### TASK DIRECTIONS
A word-for-word repetition of all the entries is needed.

### EXTRACTED INFORMATION
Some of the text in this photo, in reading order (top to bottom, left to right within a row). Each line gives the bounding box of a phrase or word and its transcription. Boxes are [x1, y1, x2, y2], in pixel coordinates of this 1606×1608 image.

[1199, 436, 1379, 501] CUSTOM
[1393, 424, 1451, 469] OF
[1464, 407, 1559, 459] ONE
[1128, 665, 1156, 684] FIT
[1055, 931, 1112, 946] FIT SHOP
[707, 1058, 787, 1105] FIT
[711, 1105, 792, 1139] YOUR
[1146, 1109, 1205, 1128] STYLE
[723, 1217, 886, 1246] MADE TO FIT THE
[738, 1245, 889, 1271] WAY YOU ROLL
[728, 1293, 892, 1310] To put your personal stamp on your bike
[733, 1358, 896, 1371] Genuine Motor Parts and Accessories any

### COMPLETED EXERCISE
Some of the text in this photo, in reading order (top to bottom, left to right within a row). Each line gives the bounding box of a phrase or word and its transcription. Boxes are [x1, y1, x2, y2], in pixel coordinates of this 1606×1608 image.

[1199, 436, 1379, 501] CUSTOM
[1393, 424, 1451, 469] OF
[1464, 407, 1559, 459] ONE
[1128, 665, 1156, 684] FIT
[1055, 931, 1112, 946] FIT SHOP
[707, 1058, 787, 1105] FIT
[711, 1105, 792, 1139] YOUR
[1146, 1109, 1205, 1128] STYLE
[723, 1217, 886, 1246] MADE TO FIT THE
[738, 1245, 889, 1271] WAY YOU ROLL
[728, 1293, 892, 1310] To put your personal stamp on your bike
[733, 1358, 896, 1371] Genuine Motor Parts and Accessories any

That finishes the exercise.